I returned to the alley the following morning.
The market district had grown louder than the previous day. Caravans from the western road had arrived during the night, and merchants were already arguing over storage space near the warehouses. Workers shouted instructions while unloading crates from wagons, and the smell of grain and leather filled the air.
Velkrane District rarely rested.
That constant movement made it easy for someone to disappear.
I walked past the alley without entering and continued down the street until I reached the silver fish tavern again. The door stood open, and the same tavern keeper leaned against the counter while speaking with two dock workers.
He glanced at me when I entered.
"You came back."
"Your ale wasn't terrible."
"That's the most praise I've heard all week."
I took the same seat near the window as yesterday. From there I could see the alley entrance clearly while remaining just another customer inside the tavern.

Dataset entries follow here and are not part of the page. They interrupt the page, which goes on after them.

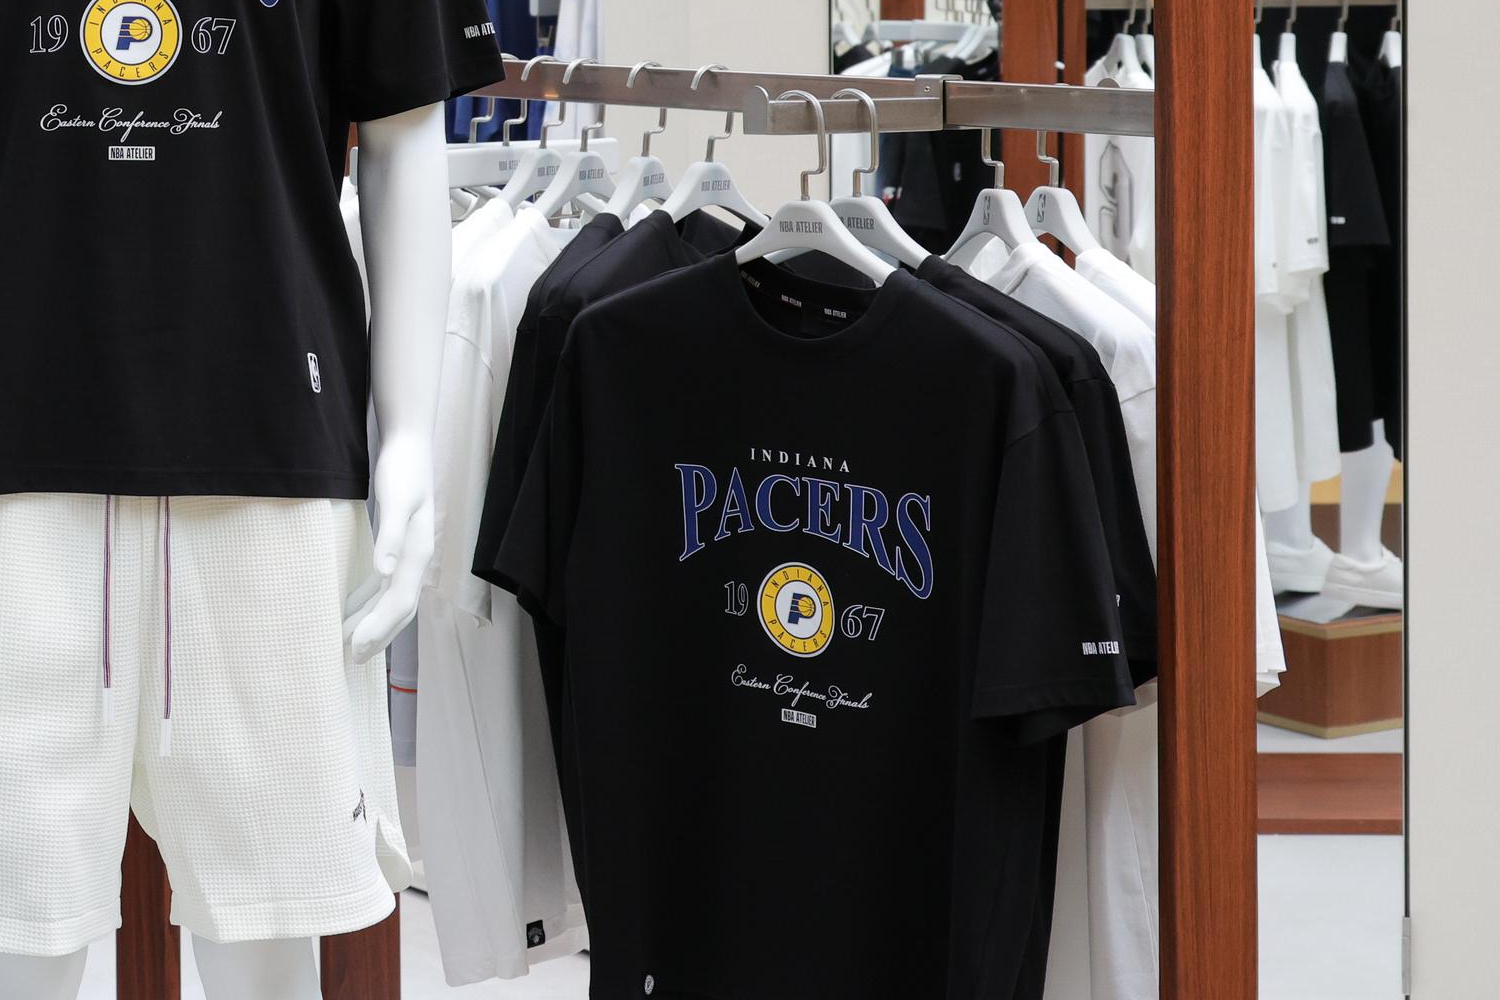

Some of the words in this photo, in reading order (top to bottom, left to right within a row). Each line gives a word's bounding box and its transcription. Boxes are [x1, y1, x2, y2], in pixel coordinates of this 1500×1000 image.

[29, 14, 69, 54] 19
[191, 16, 236, 54] 67
[463, 24, 480, 39] NBA
[92, 47, 169, 78] PACERS
[40, 103, 96, 132] Eastern
[98, 107, 170, 143] Conference
[169, 107, 222, 135] Finals
[110, 147, 124, 158] NBA
[126, 147, 153, 158] ATELIER
[779, 220, 794, 233] NBA
[795, 221, 823, 234] ATELIER
[847, 216, 875, 230] ATELIER
[750, 448, 850, 473] INDIANA
[674, 464, 934, 600] PACERS
[765, 569, 829, 607] INDIANA
[724, 580, 749, 617] 19
[840, 604, 885, 641] 67
[768, 618, 827, 651] PACERS
[731, 663, 771, 690] Eastern
[773, 673, 827, 707] Conference
[825, 685, 873, 709] Finals
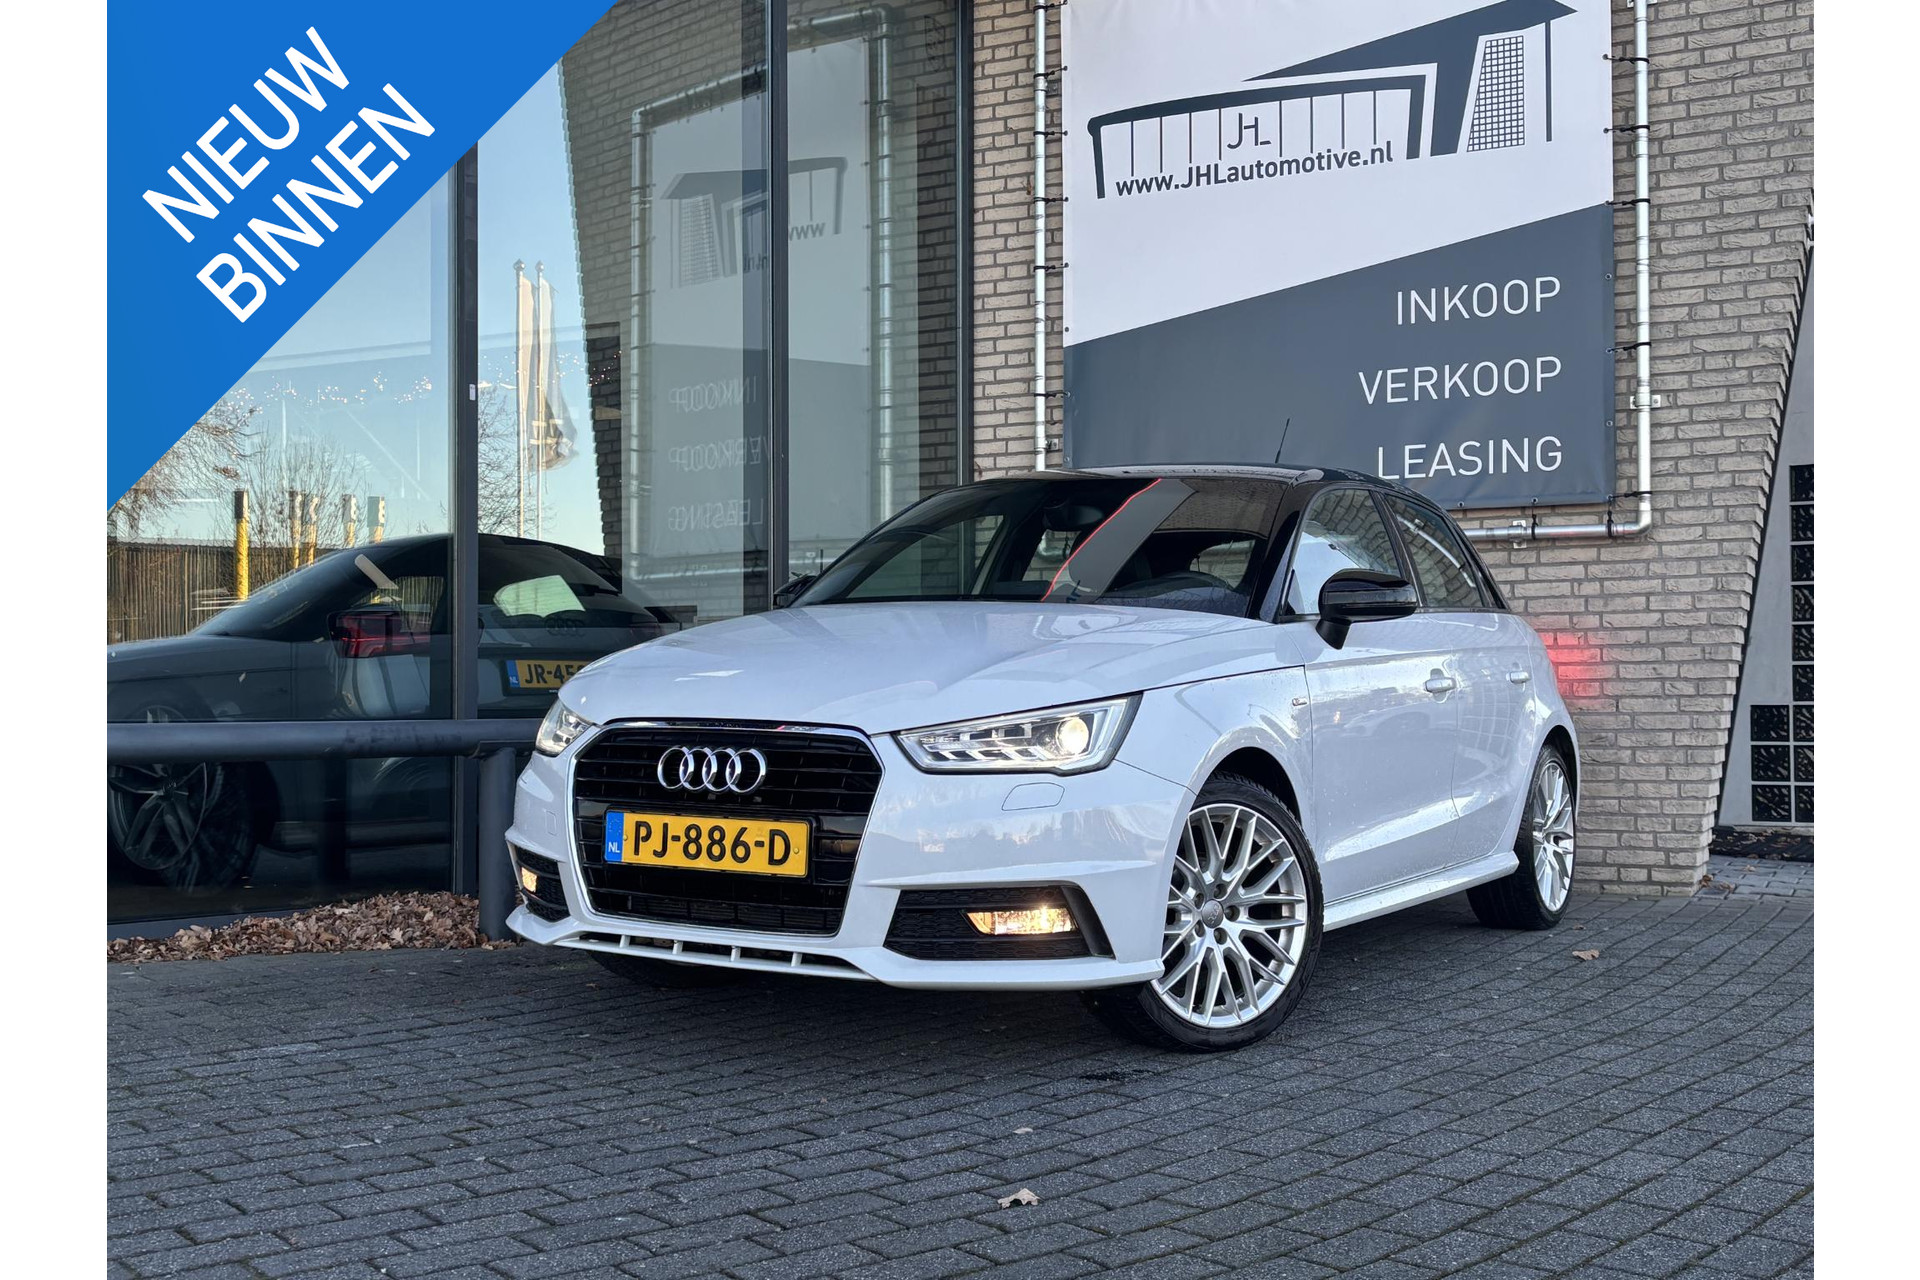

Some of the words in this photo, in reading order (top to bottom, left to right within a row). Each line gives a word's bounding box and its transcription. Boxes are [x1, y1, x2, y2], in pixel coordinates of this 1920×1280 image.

The tavern keeper brought the drink without asking.
"Waiting for someone today?" he asked.
"Possibly."
He shrugged and returned to his work.
That was one advantage of districts like Velkrane. People learned quickly not to pry into matters that did not concern them.
I spent the morning watching the street.
Merchants moved in steady streams between the warehouses and the harbor. Several city guards passed by, though none of them paid particular attention to the alleys. To them the district was simply crowded and inconvenient, not dangerous.
They were wrong, but their ignorance worked in my favor.
Around midday a small group of couriers crossed the street outside the tavern window.
My attention sharpened immediately.
Couriers were easy to identify if you knew what to look for. They carried light packs instead of heavy cargo, moved quickly without attracting attention, and kept their hands free so they could react if someone tried to intercept them.
One of the men slowed near the alley entrance.
He wore a dark traveling cloak and a leather satchel hung at his side.
The same man I had seen yesterday.
He paused for a moment as if confirming the street around him, then stepped into the alley.
I stood immediately.
The tavern keeper raised an eyebrow as I left the table.
"Important meeting?"
"You could say that."
Outside, the noise of the market wrapped around me again. I crossed the street calmly and entered the alley a few seconds after the courier.
The passage remained quiet. Damp stone walls blocked most of the sunlight, leaving the ground covered in long shadows.
The courier stood halfway down the alley.
He had removed something from his satchel and was examining it carefully.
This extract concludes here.